# EXERCISE AIM
Every record below must be returned word for word, with the pictures left out.
'''
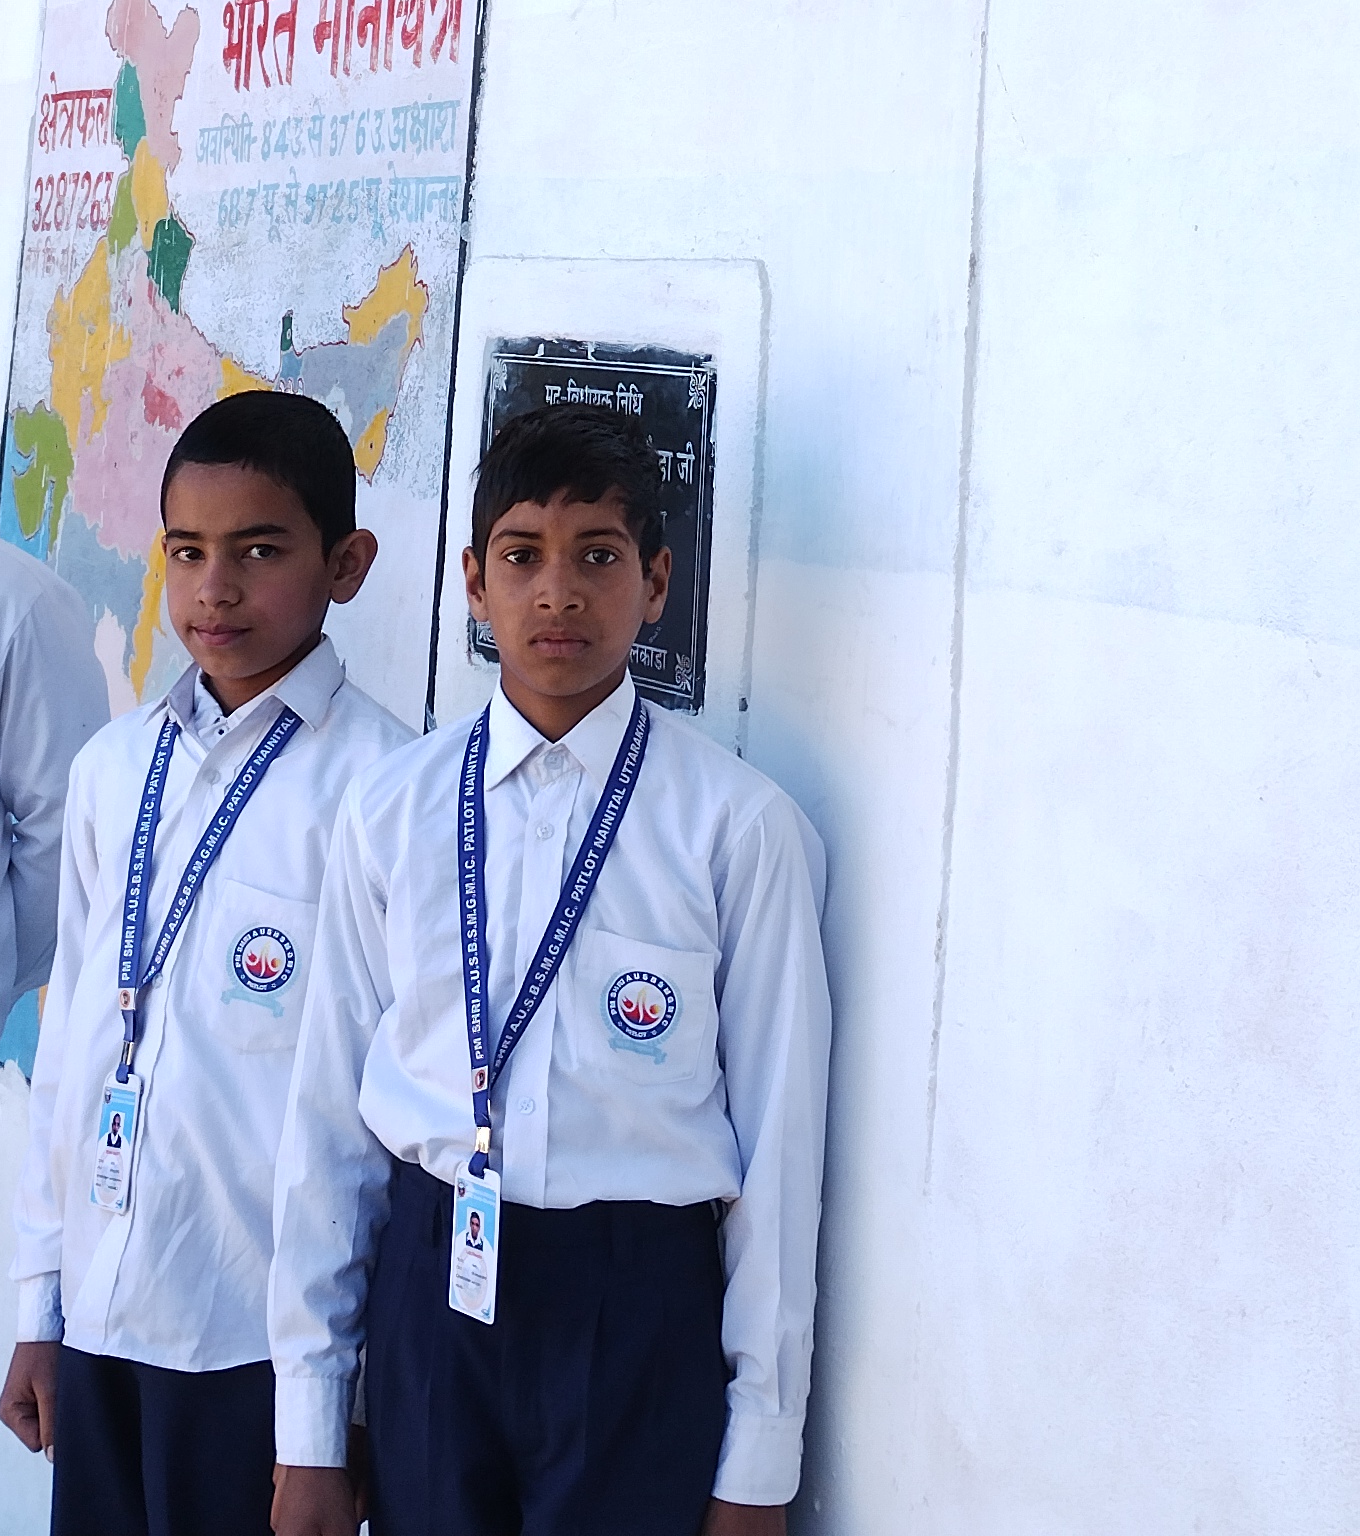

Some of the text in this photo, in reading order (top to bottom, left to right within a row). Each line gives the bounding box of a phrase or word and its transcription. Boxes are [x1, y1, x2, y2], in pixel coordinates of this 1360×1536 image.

[38, 71, 113, 154] क्षेत्रफल
[31, 171, 114, 232] 3287263
[676, 441, 695, 484] जी
[147, 750, 168, 796] PATLOT
[464, 736, 481, 797] NAINITAL
[154, 931, 172, 965] SHRI
[226, 767, 257, 813] PATLOT
[252, 715, 297, 766] NAINITAL
[463, 800, 475, 852] PATLOT
[571, 849, 600, 903] PATLOT
[593, 787, 627, 849] NAINITAL
[123, 925, 136, 961] SHRI
[122, 965, 133, 981] PM
[471, 999, 482, 1034] SHRI
[474, 1037, 485, 1060] PM
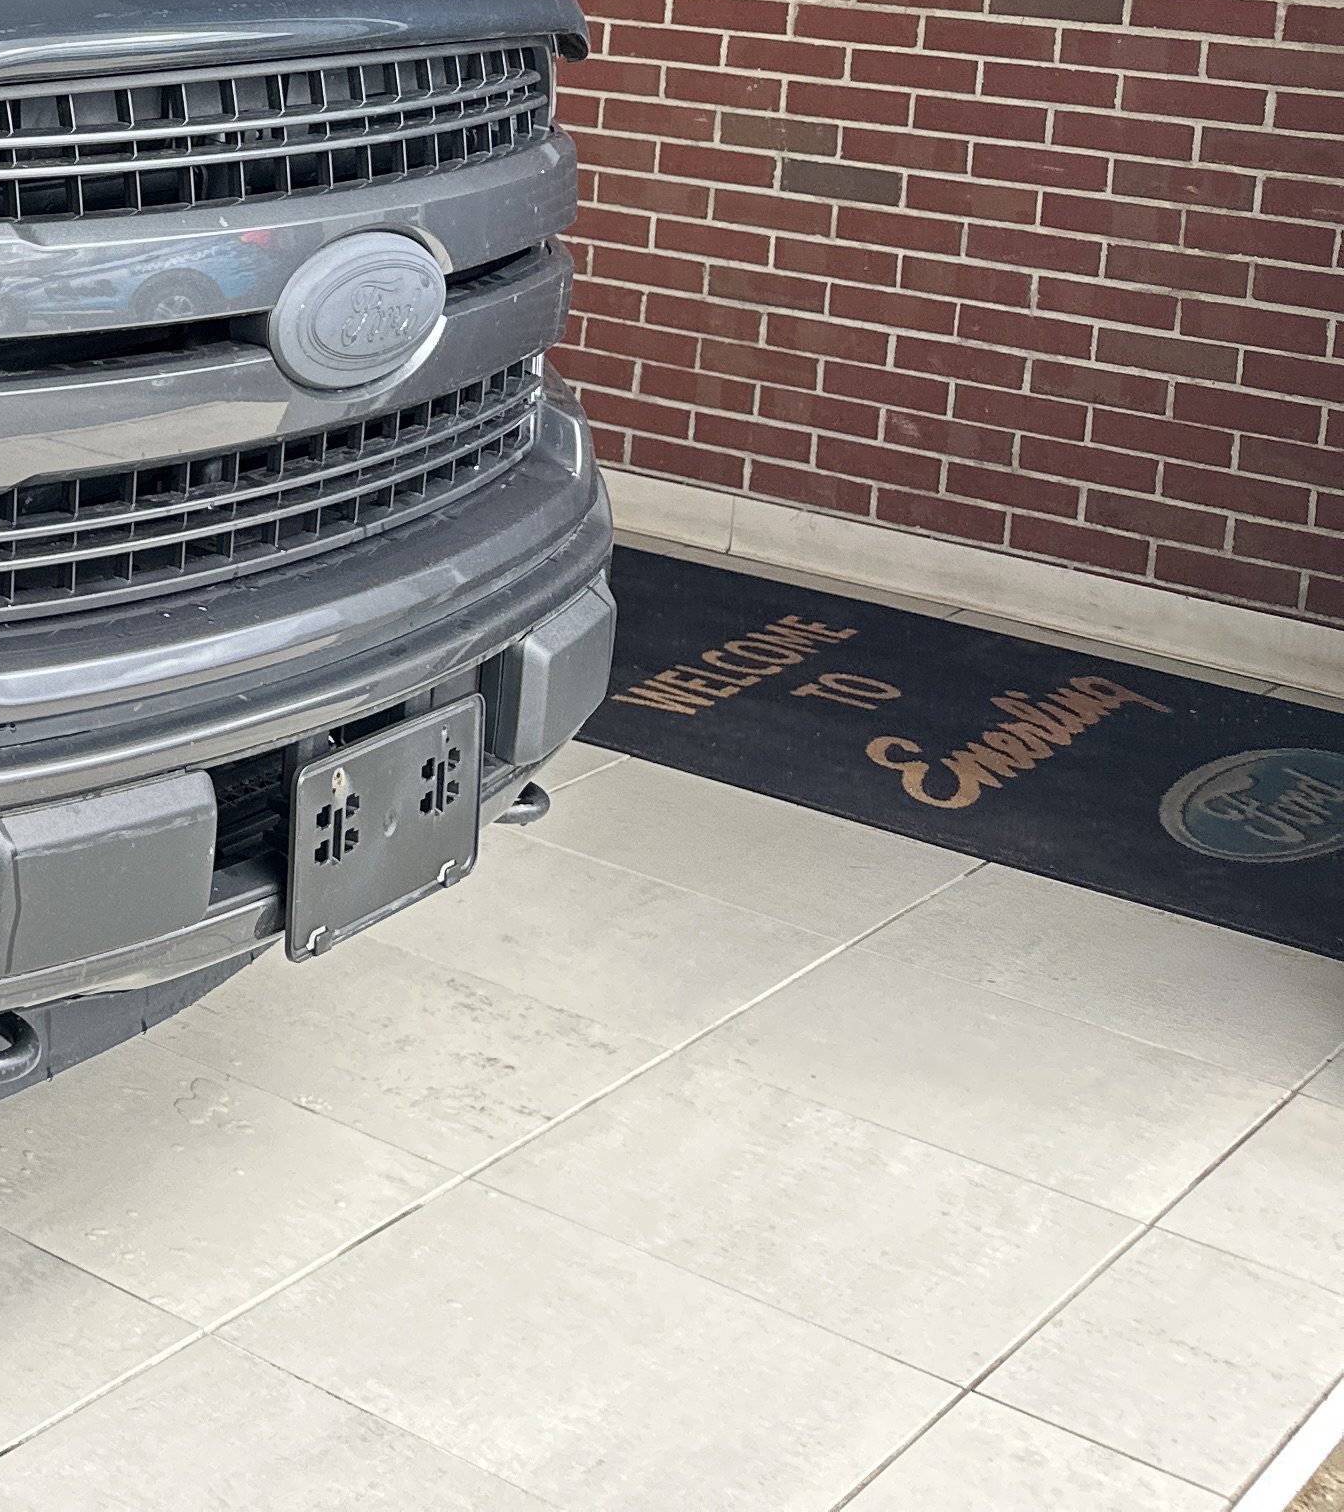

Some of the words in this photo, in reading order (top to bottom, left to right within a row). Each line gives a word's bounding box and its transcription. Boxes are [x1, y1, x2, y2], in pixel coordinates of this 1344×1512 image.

[611, 614, 860, 716] WELCOME
[790, 672, 902, 710] TO
[865, 675, 1173, 810] Emerling
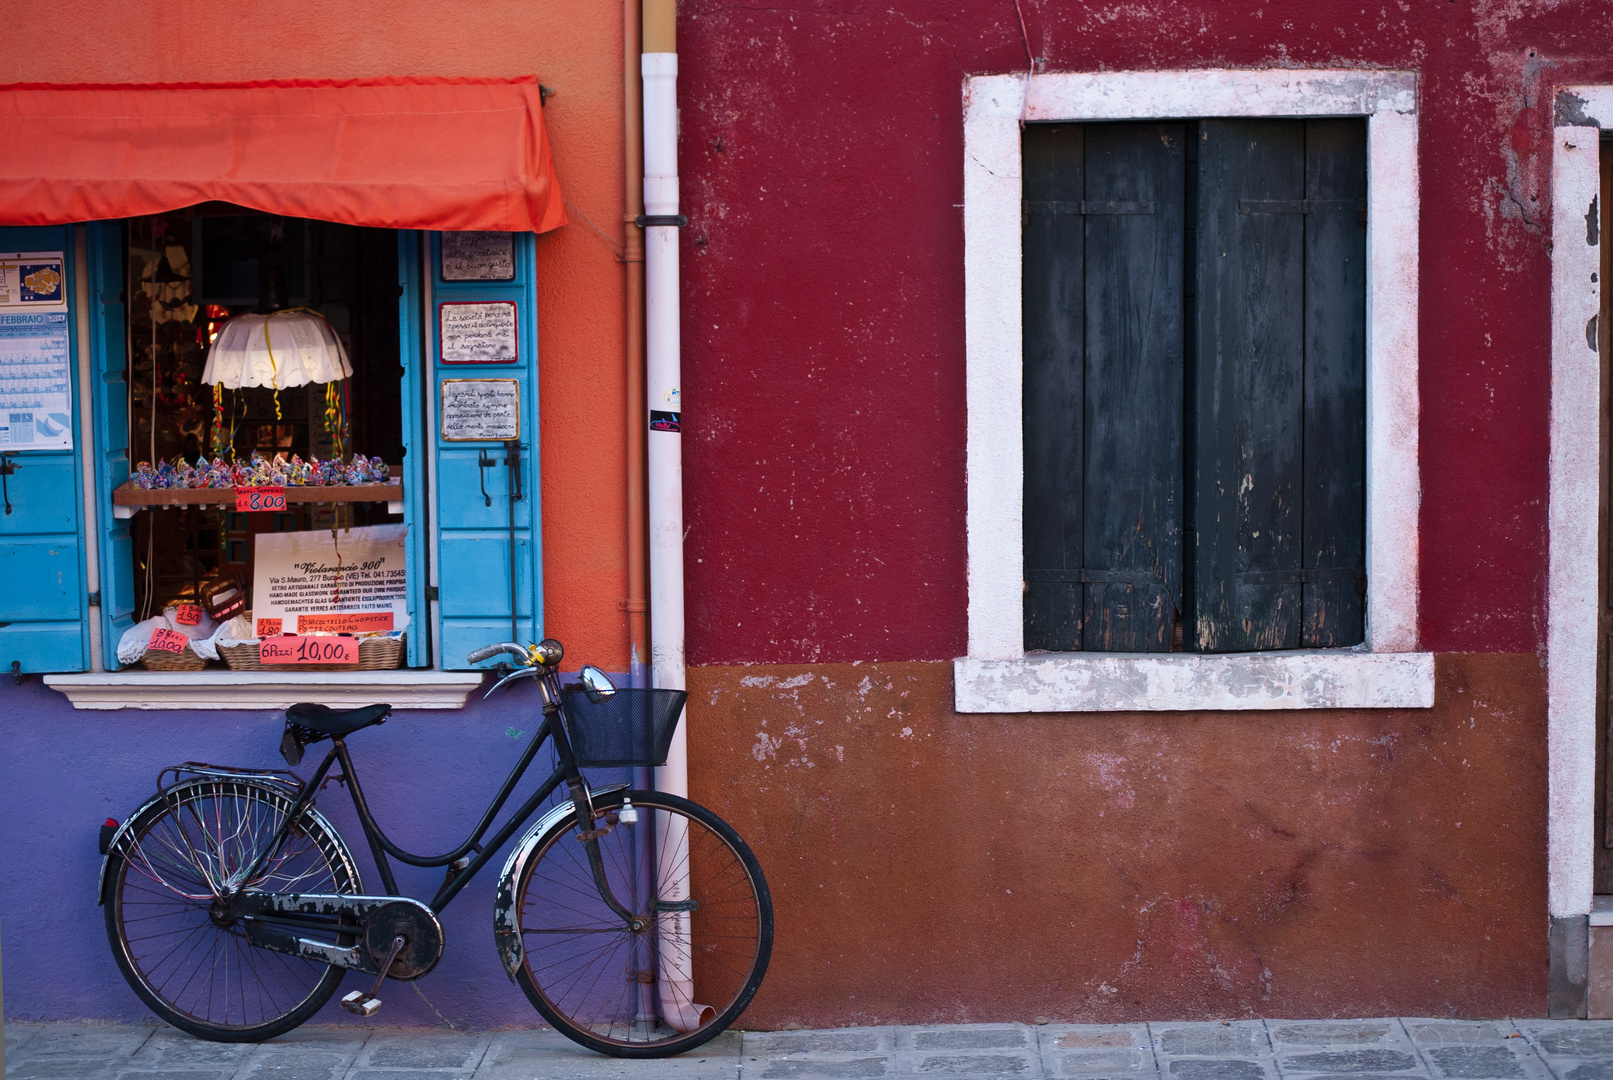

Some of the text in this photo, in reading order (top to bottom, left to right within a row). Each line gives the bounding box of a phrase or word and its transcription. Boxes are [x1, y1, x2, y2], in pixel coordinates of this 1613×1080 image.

[488, 258, 511, 272] gusto
[1, 315, 44, 324] FEBBRAIO
[346, 572, 360, 581] (VE)
[373, 570, 406, 578] 041.73545
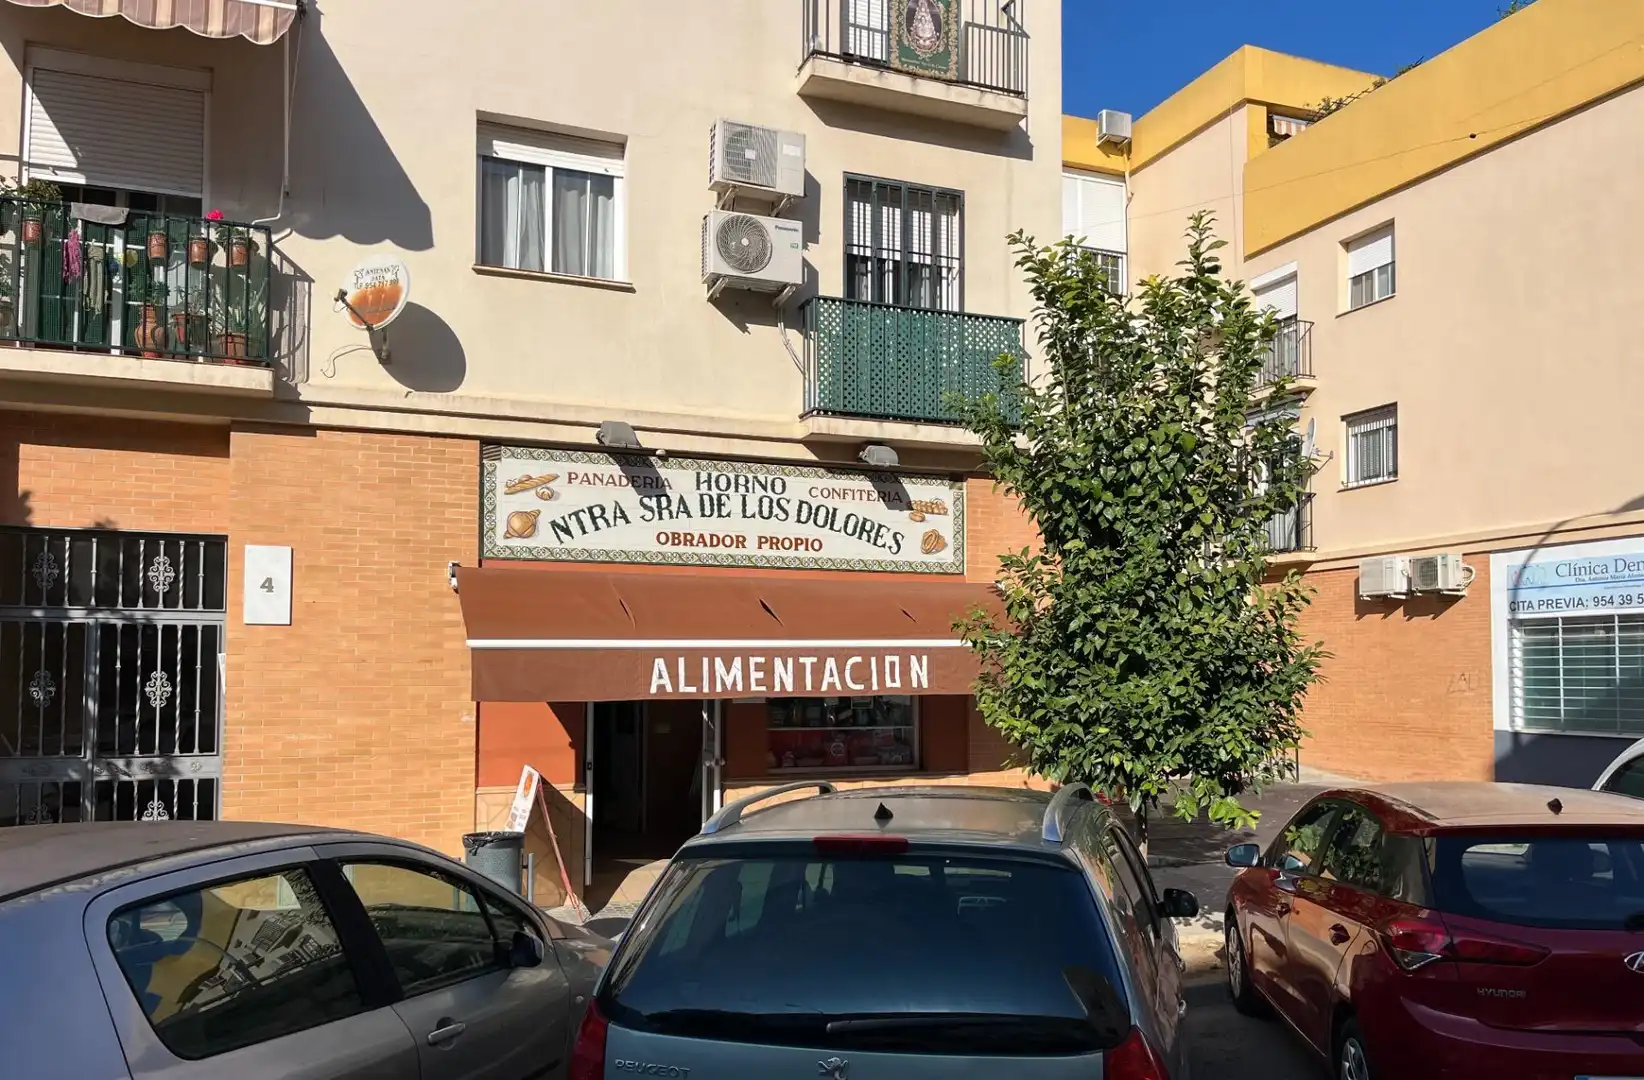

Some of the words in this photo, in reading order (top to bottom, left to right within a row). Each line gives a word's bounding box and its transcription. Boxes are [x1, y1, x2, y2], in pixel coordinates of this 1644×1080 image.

[567, 472, 673, 490] PANADERIA
[696, 472, 787, 495] HORNO
[808, 486, 903, 503] CONFITERIA
[549, 500, 631, 545] NTRA
[639, 493, 693, 522] SRA
[699, 493, 732, 518] DE
[740, 494, 791, 522] LOS
[795, 499, 905, 555] DOLORES
[656, 531, 747, 549] OBRADOR
[757, 535, 823, 552] PROPIO
[1555, 561, 1609, 578] Clínica
[260, 577, 274, 593] 4
[1509, 600, 1534, 612] CITA
[1538, 597, 1589, 610] PREVIA:
[1593, 595, 1614, 607] 954
[1618, 594, 1633, 605] 39
[650, 655, 928, 693] ALIMENTACION
[615, 1059, 692, 1079] PEUGEOT
'''
# ANSWER SPACE
Some of the text in this photo, in reading order (top to bottom, left to right within a row). Each line gives the bounding box of a phrase or word and its transcription. Boxes are [x1, y1, x2, y2], in pixel coordinates of this 1360×1536 image.

[38, 71, 113, 154] क्षेत्रफल
[31, 171, 114, 232] 3287263
[676, 441, 695, 484] जी
[147, 750, 168, 796] PATLOT
[464, 736, 481, 797] NAINITAL
[154, 931, 172, 965] SHRI
[226, 767, 257, 813] PATLOT
[252, 715, 297, 766] NAINITAL
[463, 800, 475, 852] PATLOT
[571, 849, 600, 903] PATLOT
[593, 787, 627, 849] NAINITAL
[123, 925, 136, 961] SHRI
[122, 965, 133, 981] PM
[471, 999, 482, 1034] SHRI
[474, 1037, 485, 1060] PM

Some of the words in this photo, in reading order (top to bottom, left to right within a row). Each line gives a word's bounding box and its transcription. Boxes are [x1, y1, x2, y2], in pixel coordinates of this 1344×1512 image.

[611, 614, 860, 716] WELCOME
[790, 672, 902, 710] TO
[865, 675, 1173, 810] Emerling

Some of the text in this photo, in reading order (top to bottom, left to right within a row). Each line gives the bounding box of a phrase or word and its transcription. Boxes are [x1, y1, x2, y2], in pixel coordinates of this 1613×1080 image.

[488, 258, 511, 272] gusto
[1, 315, 44, 324] FEBBRAIO
[346, 572, 360, 581] (VE)
[373, 570, 406, 578] 041.73545

Some of the words in this photo, in reading order (top to bottom, left to right within a row). Each line gives a word's bounding box and its transcription. Boxes are [x1, y1, x2, y2], in pixel coordinates of this 1644×1080 image.

[567, 472, 673, 490] PANADERIA
[696, 472, 787, 495] HORNO
[808, 486, 903, 503] CONFITERIA
[549, 500, 631, 545] NTRA
[639, 493, 693, 522] SRA
[699, 493, 732, 518] DE
[740, 494, 791, 522] LOS
[795, 499, 905, 555] DOLORES
[656, 531, 747, 549] OBRADOR
[757, 535, 823, 552] PROPIO
[1555, 561, 1609, 578] Clínica
[260, 577, 274, 593] 4
[1509, 600, 1534, 612] CITA
[1538, 597, 1589, 610] PREVIA:
[1593, 595, 1614, 607] 954
[1618, 594, 1633, 605] 39
[650, 655, 928, 693] ALIMENTACION
[615, 1059, 692, 1079] PEUGEOT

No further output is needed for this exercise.